O feito atingido por Rui Veloso em 1980 não passou pela criação do rock português, com uma longa história anterior, mas pela prova da viabilidade comercial da música moderna cantada na língua de Camões, através do sucesso de vendas do LP Ar de Rock e dos singles “Chico Fininho” e “Rapariguinha do Shopping”. O boom do rock nacional prolongou-se por cerca de dois anos, altura em que os projectos mais frágeis desapareceram para deixar apenas quem apresentava verdadeira qualidade, como Veloso, figura essencial dos anos 80 e protagonista da fase de advento do CD. As letras de Carlos Tê, poeta do quotidiano e narrador dos amores e desamores de personagens identificáveis com qualquer ouvinte, expressam uma visão singular, politizada mas não partidarizada, de Portugal (presente em temas como “A Gente Não Lê”, “Slow da Falta de Quórum” ou “Top dos Tops”), além de possuírem uma riqueza vocabular rara na música lusa. A vida conferida ao imaginário de Tê provém do talento de Veloso, um cantor, compositor e guitarrista exímio dotado de forte empatia com o público. De facto, Rui nunca pareceu uma estrela do rock and roll, mas antes alguém como nós, um jovem de óculos e ar de lingrinhas que se viu famoso da noite para o dia e teve dificuldade em lidar com a insegurança, até dominar os palcos e chegar à maturidade consciente do seu valor. Quer os melhores álbuns (Ar de Rock, Fora de Moda, Rui Veloso, Mingos & Os Samurais, etc.) quer os apenas razoáveis (Guardador de Margens, Avenidas) deixaram a marca de Veloso no cancioneiro nacional e tornaram-no uma inspiração para músicos de gerações posteriores como Miguel Araújo.

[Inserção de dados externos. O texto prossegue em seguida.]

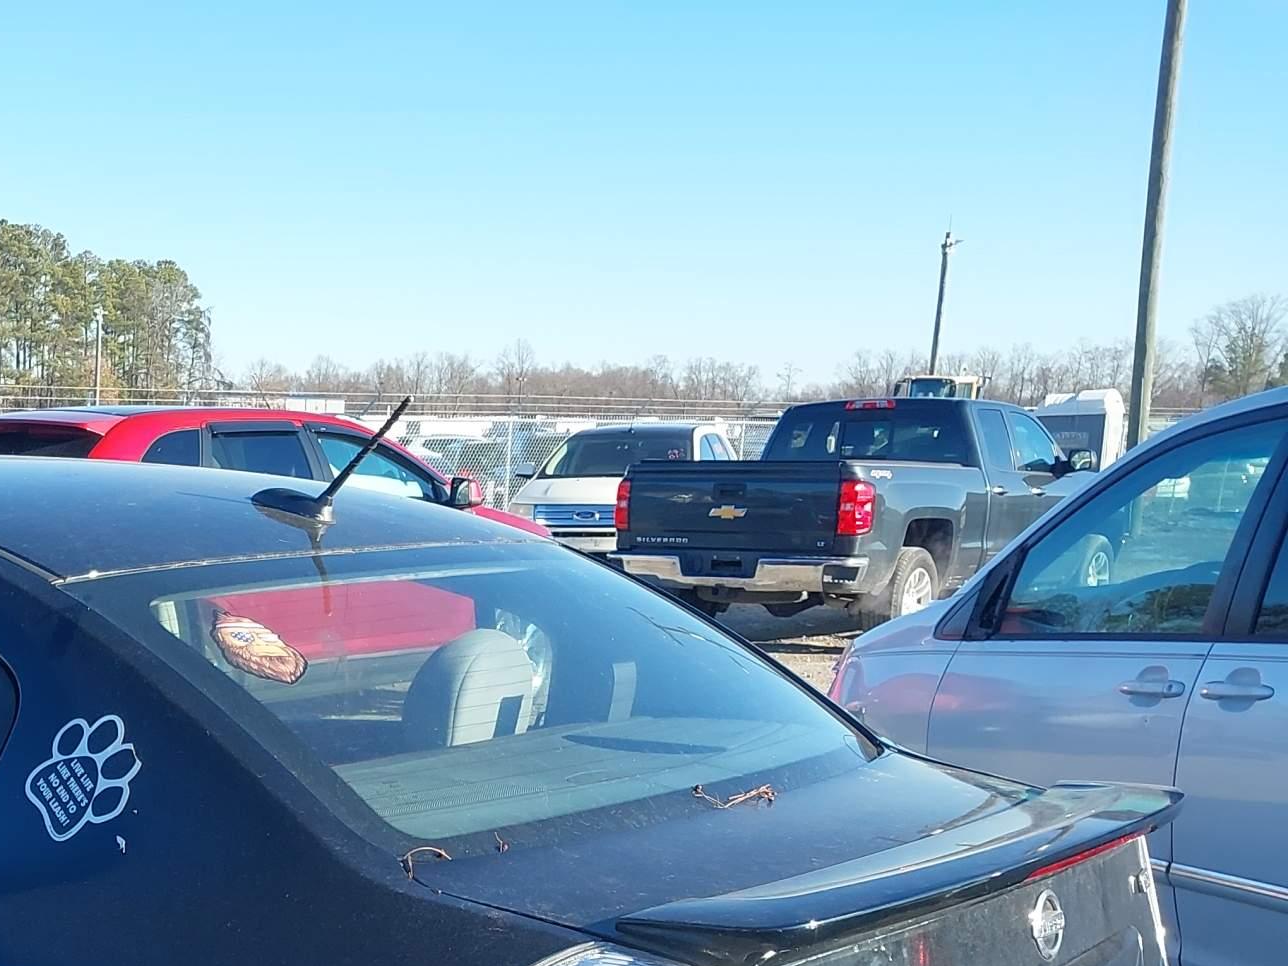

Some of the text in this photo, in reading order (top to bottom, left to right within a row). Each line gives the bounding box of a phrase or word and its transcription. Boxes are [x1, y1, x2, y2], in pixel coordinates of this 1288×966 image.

Depois do primeiro quarto de século na ribalta, a carreira de Rui Veloso entrou numa certa estagnação, à medida que o artista parecia mais apto a reciclar os velhos sucessos que a percorrer novos caminhos. Se o período entre os álbuns de originais Avenidas (1998) e A Espuma das Canções (2005) já parecera uma eternidade aos fãs de Veloso, desde então tivemos apenas um disco de duetos, Rui Veloso e Amigos (2012), uma compilação com duas novas músicas e pouco mais. Nas agora raras entrevistas, um Rui frequentemente deprimido e pouco entusiasta chegou a anunciar uma interrupção temporária dos concertos. O afastamento de Carlos Tê da escrita de textos para música veio também dificultar o trabalho criativo do autor de “Harmónica Azul”. Contudo, quando Rui regressa aos palcos, mostra a mesma energia de antes e arrasta multidões sempre dispostas a cantar em coro os versos que todos conhecem. Ainda parece haver muito futuro para Rui Veloso, a quem já ninguém poderá negar um papel fundamental na história da música portuguesa.
P.S. Pela última vez: a canção passada no Rivoli chama-se “A Paixão (Segundo Nicolau da Viola)” e não “Anel de Rubi”. Haja rigor, meus senhores.